Before agreeing to screening tests, parents need to be fully informed about the risks, benefits and possible consequences of such a test. This includes subsequent choices for further tests they may face, and the implications of both false positive (i.e. invasive diagnostic testing, and the possibility that a miscarried fetus may be chromosomally normal) and false negative screening tests (i.e. a fetus with Down’s syndrome will be missed). The decisions that may be faced by expectant parents inevitably engender a high level of anxiety at all stages of the screening process, and the outcomes of screening can be associated with considerable physical and psychological morbidity. No screening test can predict the severity of problems a person with Down's syndrome will have.
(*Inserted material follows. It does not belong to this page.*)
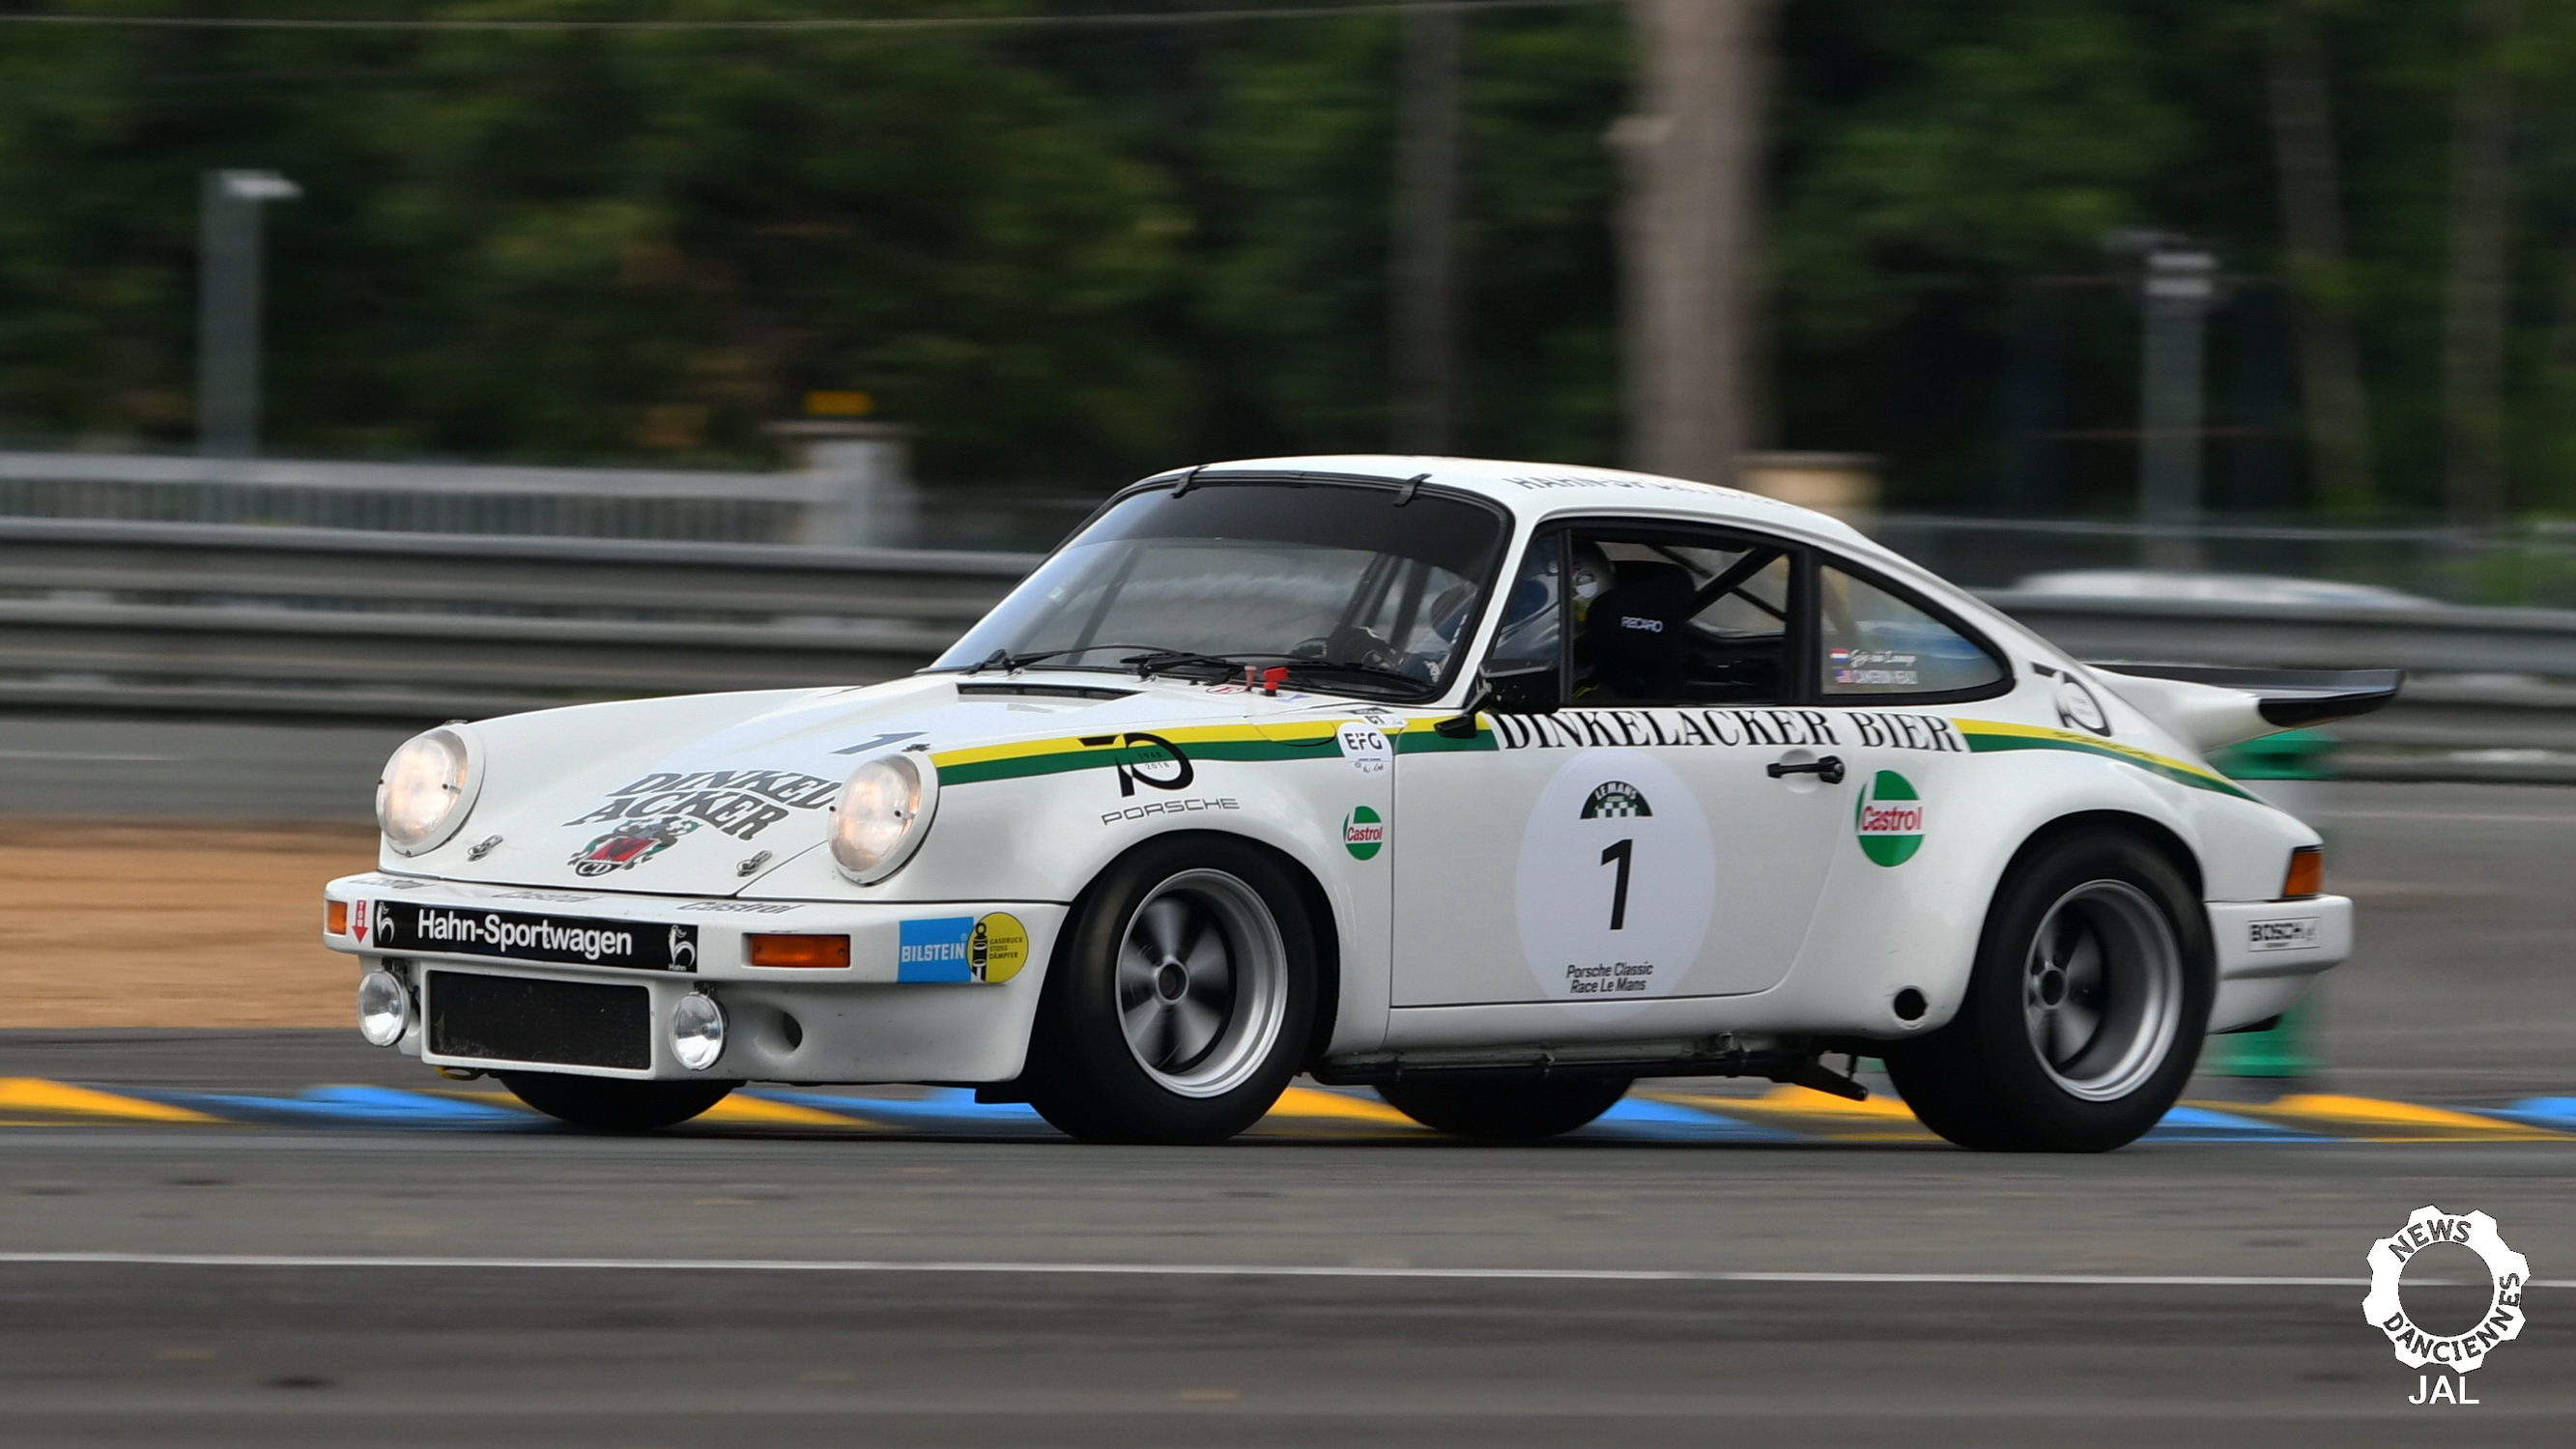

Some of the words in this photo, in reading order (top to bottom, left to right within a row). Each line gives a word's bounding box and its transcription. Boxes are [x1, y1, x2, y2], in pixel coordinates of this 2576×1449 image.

To estimate and compare the accuracy of first and second trimester serum markers with and without first trimester ultrasound markers for the detection of Down’s syndrome in the antenatal period, as combinations of markers.
We conducted a sensitive and comprehensive literature search of MEDLINE (1980 to 25 August 2011), Embase (1980 to 25 August 2011), BIOSIS via EDINA (1985 to 25 August 2011), CINAHL via OVID (1982 to 25 August 2011), the Database of Abstracts of Reviews of Effectiveness (the Cochrane Library 25 August 2011), MEDION (25 August 2011), the Database of Systematic Reviews and Meta-Analyses in Laboratory Medicine (25 August 2011), the National Research Register (Archived 2007), and Health Services Research Projects in Progress database (25 August 2011). We did not apply a diagnostic test search filter. We did forward citation searching in ISI citation indices, Google Scholar and PubMed ‘related articles’. We also searched reference lists of retrieved articles
Studies evaluating tests of combining first and second trimester maternal serum markers in women up to 24 weeks of gestation for Down's syndrome, with or without first trimester ultrasound markers, compared with a reference standard, either chromosomal verification or macroscopic postnatal inspection.
Data were extracted as test positive/test negative results for Down's and non-Down's pregnancies allowing estimation of detection rates (sensitivity) and false positive rates (1-specificity). We performed quality assessment according to QUADAS criteria. We used hierarchical summary ROC meta-analytical methods to analyse test performance and compare test accuracy. Analysis of studies allowing direct comparison between tests was undertaken. We investigated the impact of maternal age on test performance in subgroup analyses.
Twenty-two studies (reported in 25 publications) involving 228,615 pregnancies (including 1067 with Down's syndrome) were included. Studies were generally high quality, although differential verification was common with invasive testing of only high risk pregnancies. Ten studies made direct comparisons between tests. Thirty-two different test combinations were evaluated formed from combinations of eight different tests and maternal age; first trimester nuchal translucency (NT) and the serum markers AFP, uE3, total hCG, free βhCG, Inhibin A, PAPP-A and ADAM 12. We looked at tests combining first and second trimester markers with or without ultrasound as complete tests, and we also examined stepwise and contingent strategies.
Meta-analysis of the six most frequently evaluated test combinations showed that a test strategy involving maternal age and a combination of first trimester NT and PAPP-A, and second trimester total hCG, uE3, AFP and Inhibin A significantly outperformed other test combinations that involved only one serum marker or NT in the first trimester, detecting about nine out of every 10 Down's syndrome pregnancies at a 5% false positive rate. However, the evidence was limited in terms of the number of studies evaluating this strategy, and we therefore cannot recommend one single screening strategy.